== What to do ==
Every entry is to be transcribed as it stands. Images stay out.
•••••
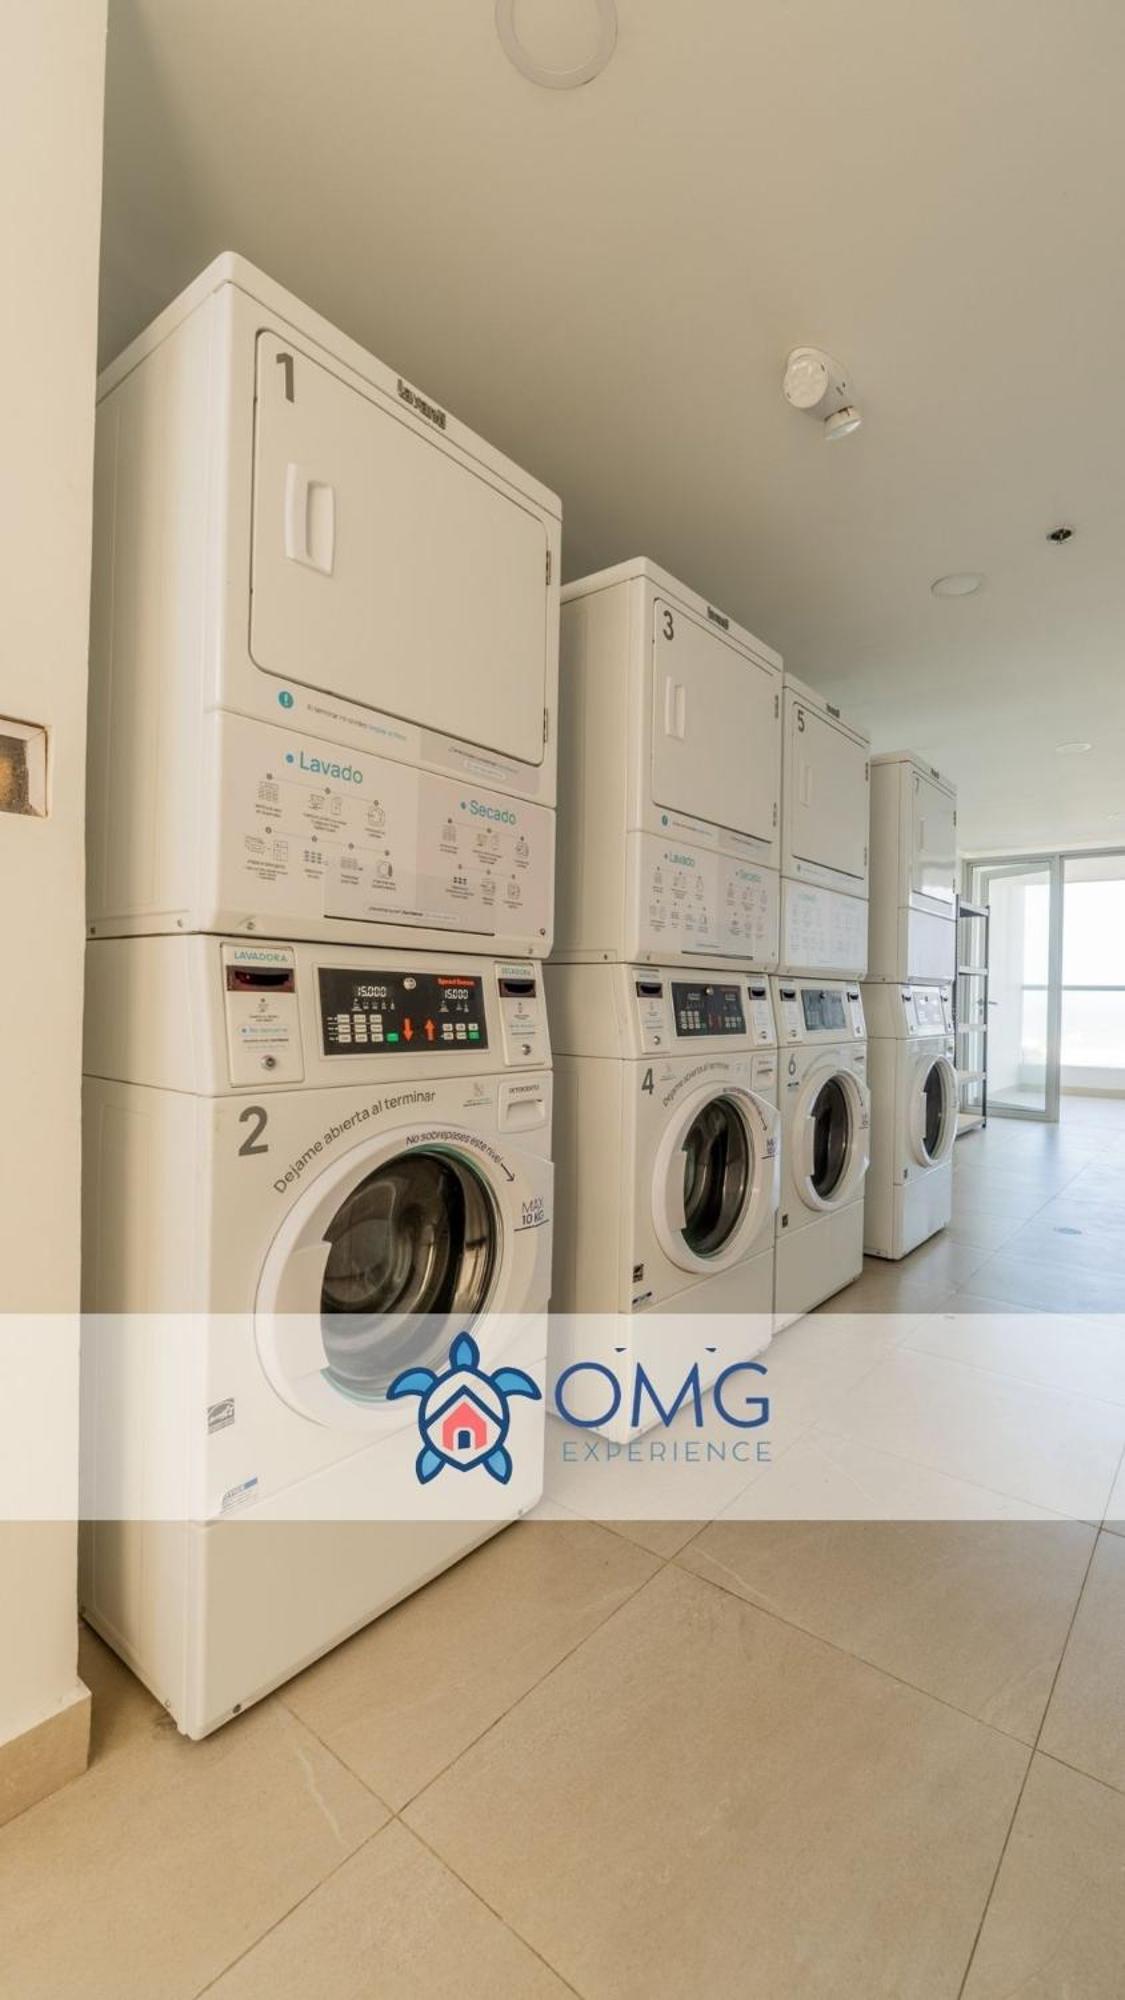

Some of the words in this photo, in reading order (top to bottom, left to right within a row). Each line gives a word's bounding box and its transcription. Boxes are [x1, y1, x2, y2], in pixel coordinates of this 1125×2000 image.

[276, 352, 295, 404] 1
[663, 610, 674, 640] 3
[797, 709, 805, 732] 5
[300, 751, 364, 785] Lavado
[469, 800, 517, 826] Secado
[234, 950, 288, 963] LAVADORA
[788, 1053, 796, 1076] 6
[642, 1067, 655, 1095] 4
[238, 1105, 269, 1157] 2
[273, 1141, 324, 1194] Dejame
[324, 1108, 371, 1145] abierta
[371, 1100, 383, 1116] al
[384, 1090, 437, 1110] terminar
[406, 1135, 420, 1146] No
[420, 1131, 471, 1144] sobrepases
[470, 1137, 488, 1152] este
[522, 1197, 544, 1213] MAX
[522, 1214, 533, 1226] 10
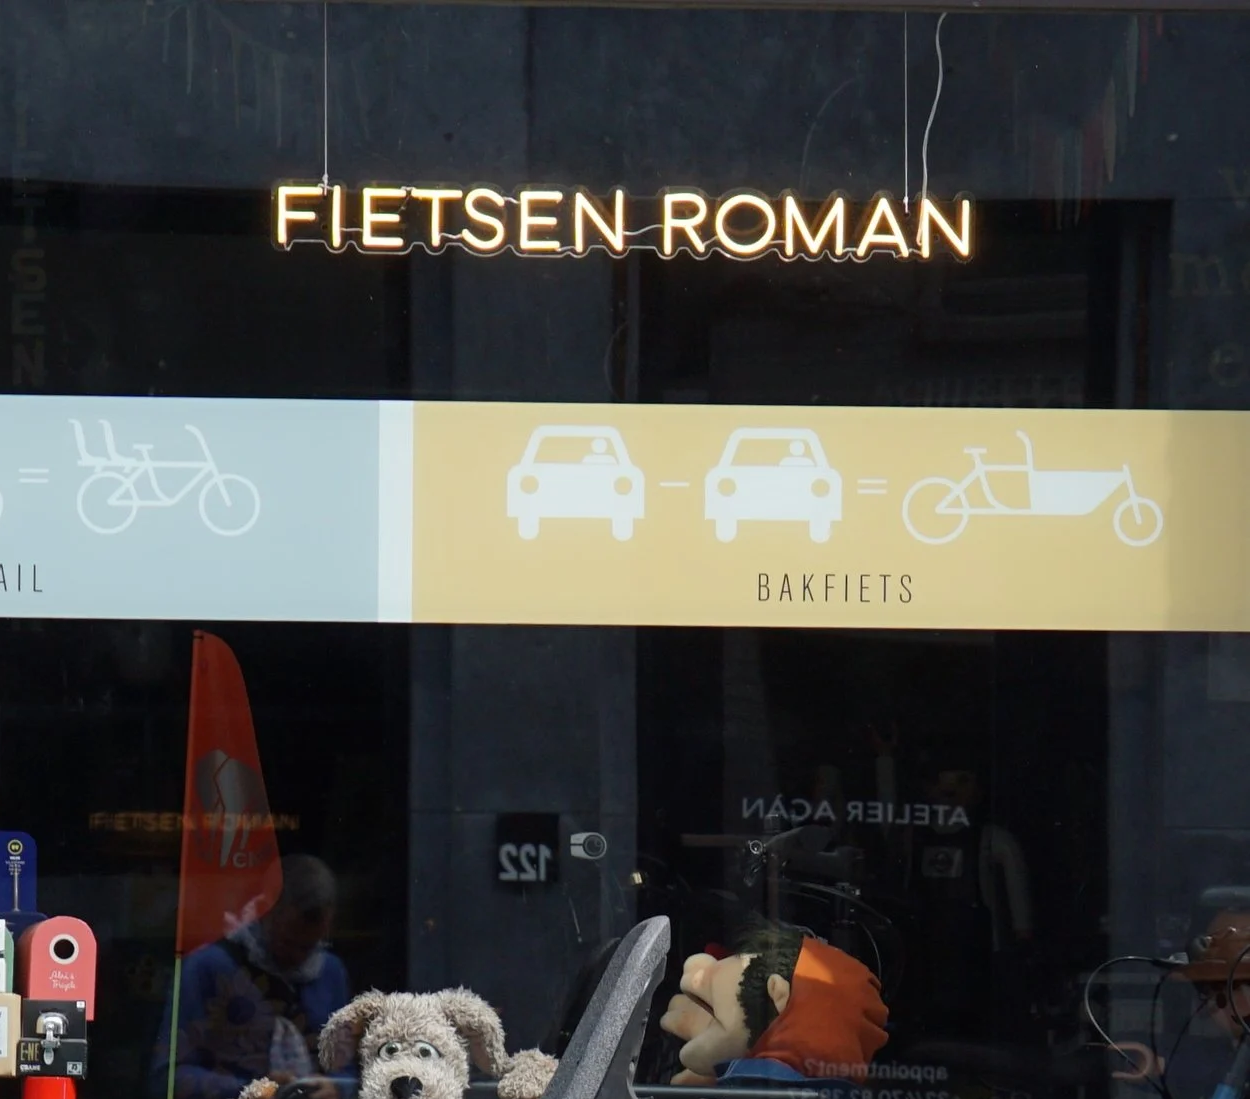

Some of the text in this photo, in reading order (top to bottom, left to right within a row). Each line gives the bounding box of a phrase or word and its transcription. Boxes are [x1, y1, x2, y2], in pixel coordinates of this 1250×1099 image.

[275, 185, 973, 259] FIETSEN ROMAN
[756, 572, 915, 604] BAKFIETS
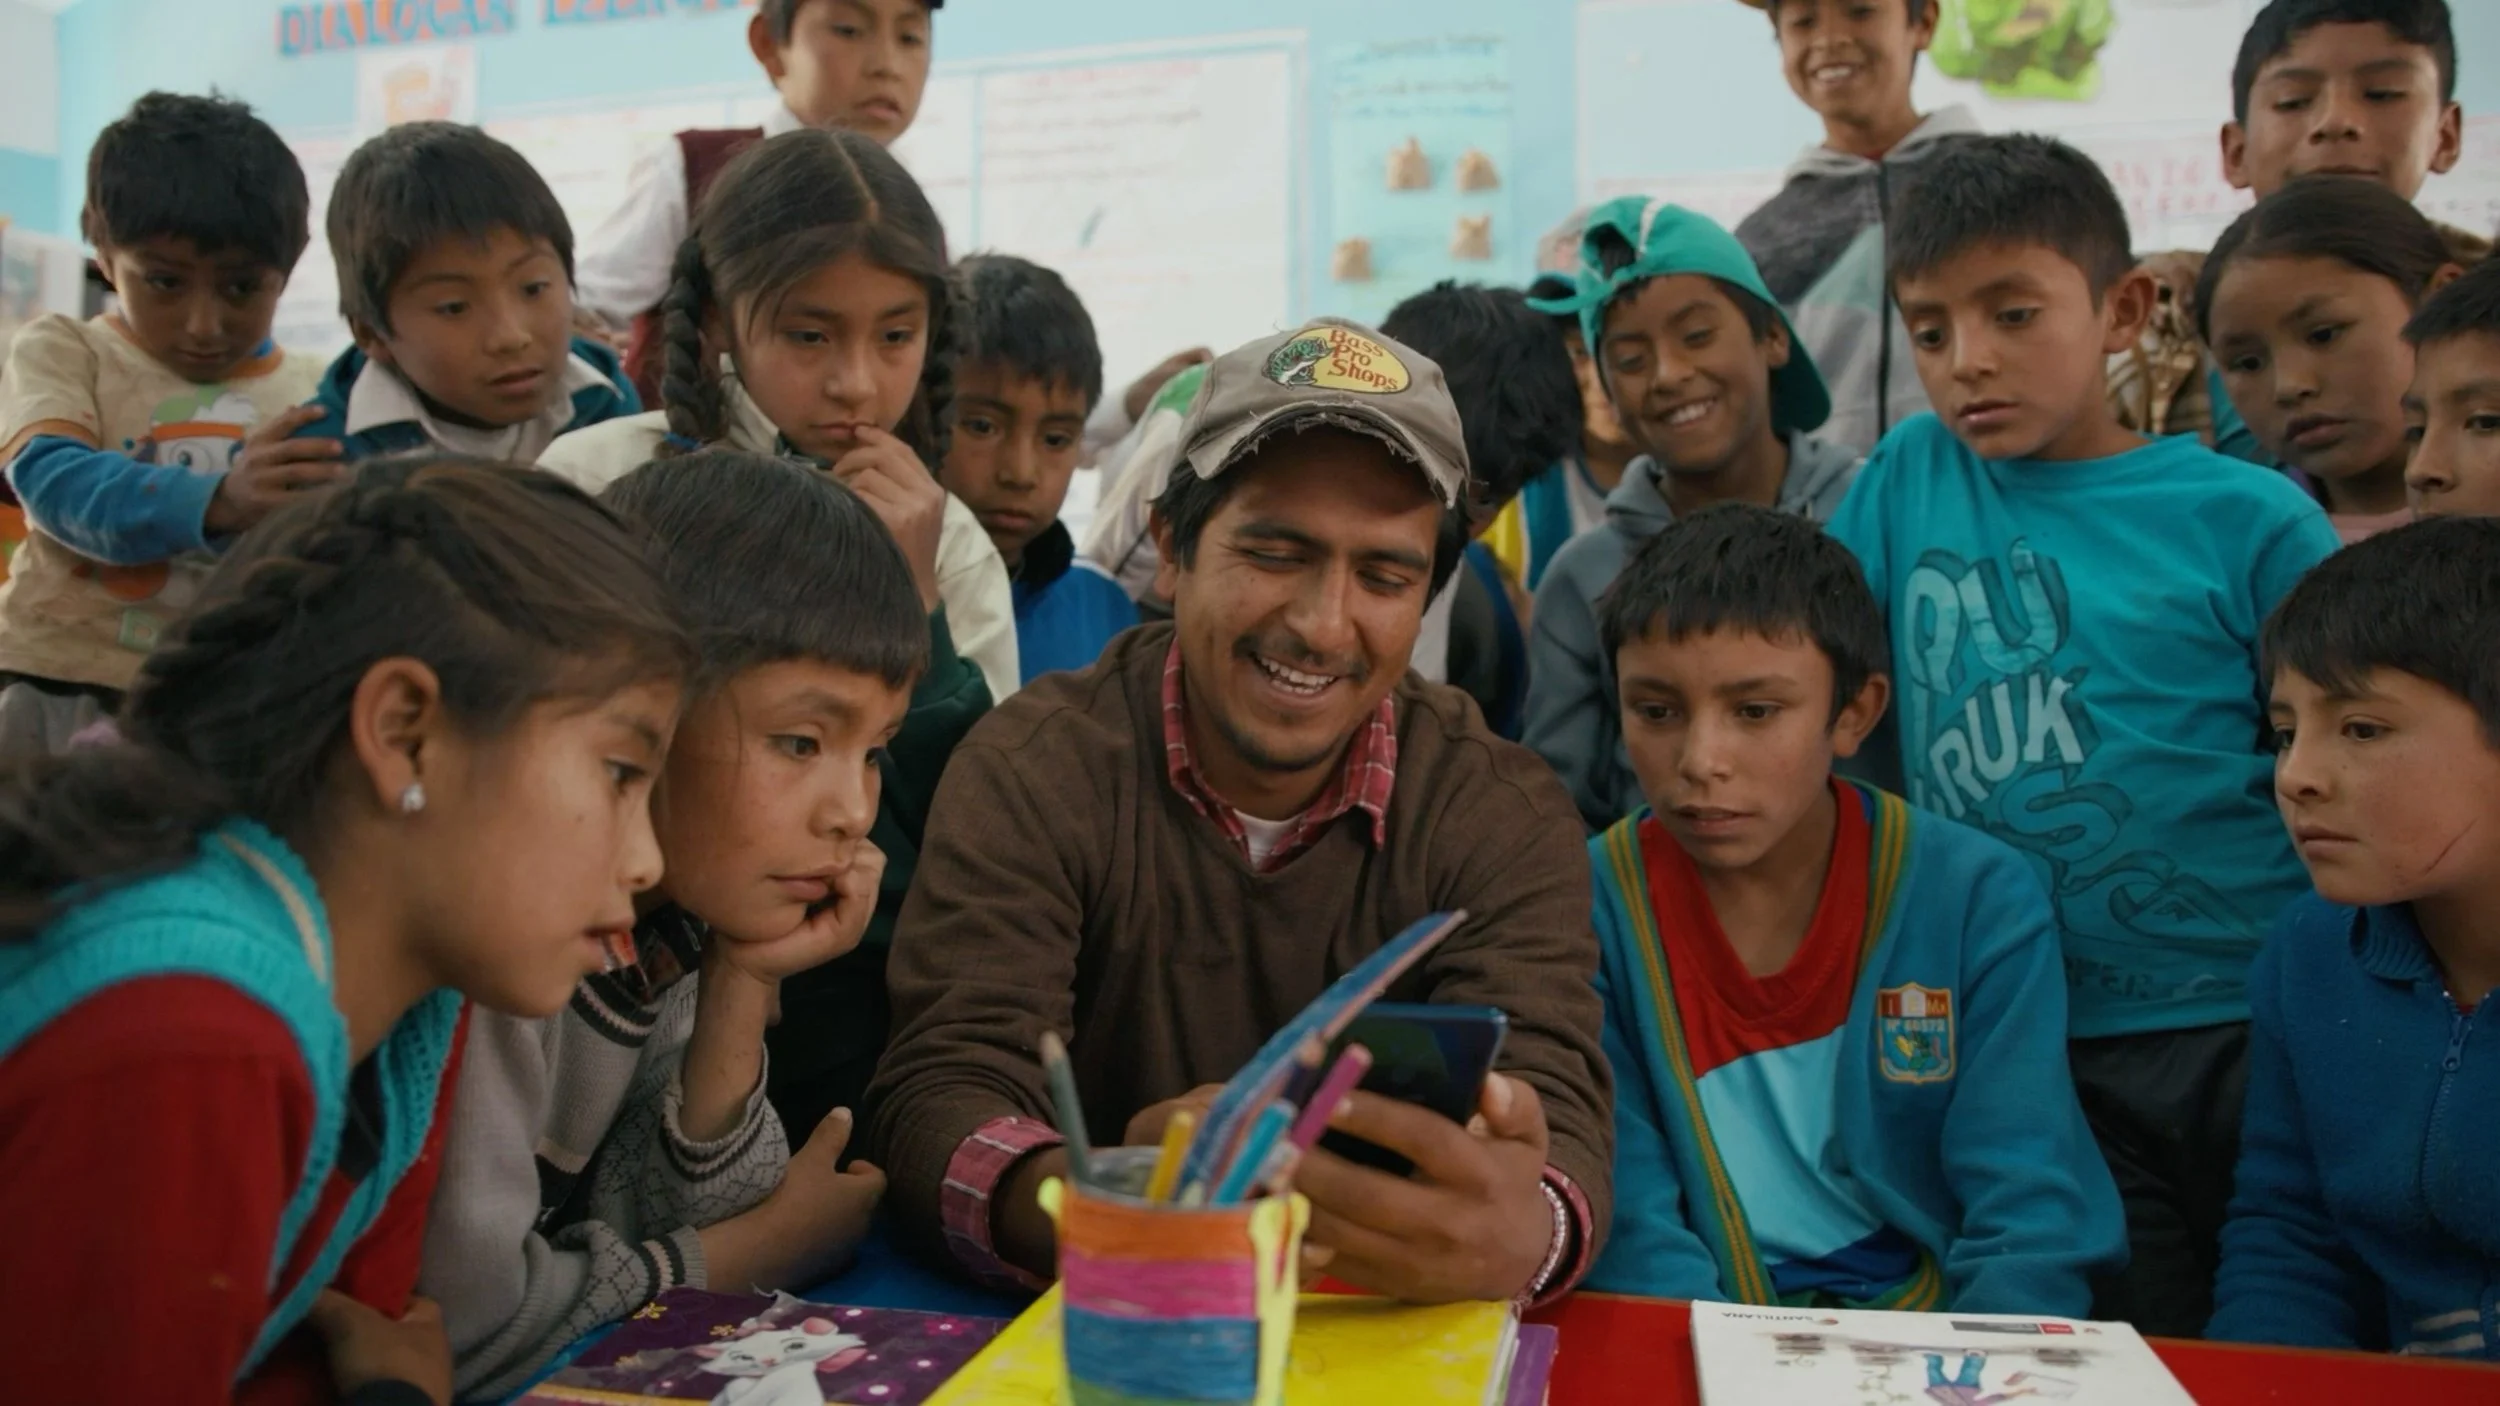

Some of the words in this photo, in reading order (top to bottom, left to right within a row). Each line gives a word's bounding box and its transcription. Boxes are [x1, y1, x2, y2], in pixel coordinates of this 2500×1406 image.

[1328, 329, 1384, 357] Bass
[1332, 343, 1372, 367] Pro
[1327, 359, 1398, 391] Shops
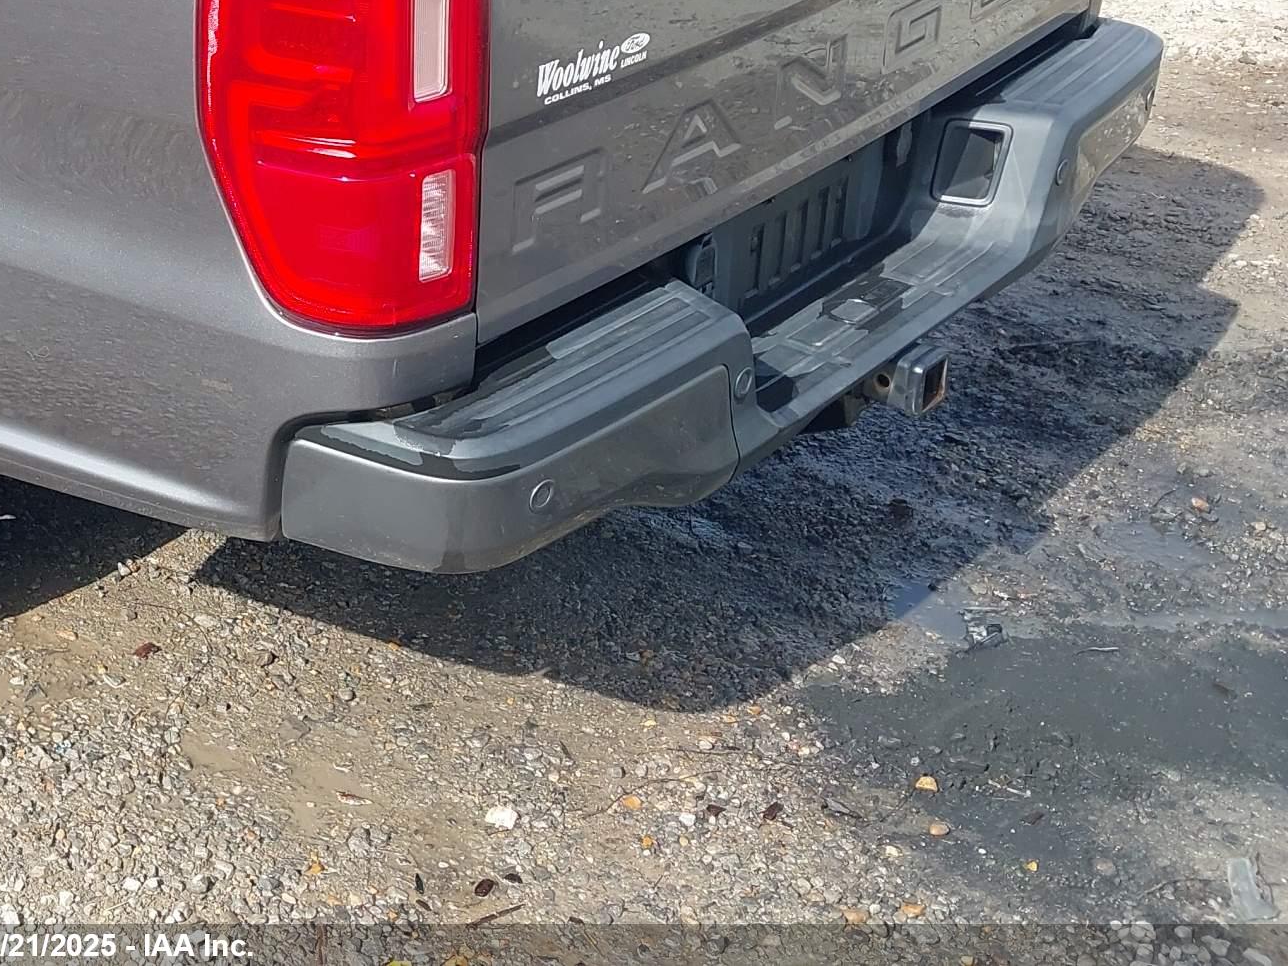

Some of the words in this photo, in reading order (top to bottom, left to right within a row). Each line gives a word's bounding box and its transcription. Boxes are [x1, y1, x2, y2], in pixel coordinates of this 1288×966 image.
•••••
== Exercise response ==
Some of the words in this photo, in reading order (top to bottom, left to right within a row). Each line gives a word's bounding box and its transcription. Boxes are [x1, y1, x2, y2], in pixel coordinates of this 1125×2000 image.

[276, 352, 295, 404] 1
[663, 610, 674, 640] 3
[797, 709, 805, 732] 5
[300, 751, 364, 785] Lavado
[469, 800, 517, 826] Secado
[234, 950, 288, 963] LAVADORA
[788, 1053, 796, 1076] 6
[642, 1067, 655, 1095] 4
[238, 1105, 269, 1157] 2
[273, 1141, 324, 1194] Dejame
[324, 1108, 371, 1145] abierta
[371, 1100, 383, 1116] al
[384, 1090, 437, 1110] terminar
[406, 1135, 420, 1146] No
[420, 1131, 471, 1144] sobrepases
[470, 1137, 488, 1152] este
[522, 1197, 544, 1213] MAX
[522, 1214, 533, 1226] 10

Some of the text in this photo, in reading order (top to bottom, left to right within a row). Each line gives the bounding box of a phrase or word and its transcription. Boxes are [x1, y1, x2, y2], in pixel coordinates of this 1250×1099 image.

[275, 185, 973, 259] FIETSEN ROMAN
[756, 572, 915, 604] BAKFIETS

Some of the words in this photo, in reading order (top to bottom, left to right within a row). Each line gives a word's bounding box and its transcription. Boxes are [x1, y1, x2, y2], in pixel coordinates of this 2500×1406 image.

[1328, 329, 1384, 357] Bass
[1332, 343, 1372, 367] Pro
[1327, 359, 1398, 391] Shops

Some of the words in this photo, in reading order (top to bottom, left to right within a row). Each line gives a word's bounding box and its transcription. Boxes are [x1, y1, x2, y2], in pixel coordinates of this 1288×966 image.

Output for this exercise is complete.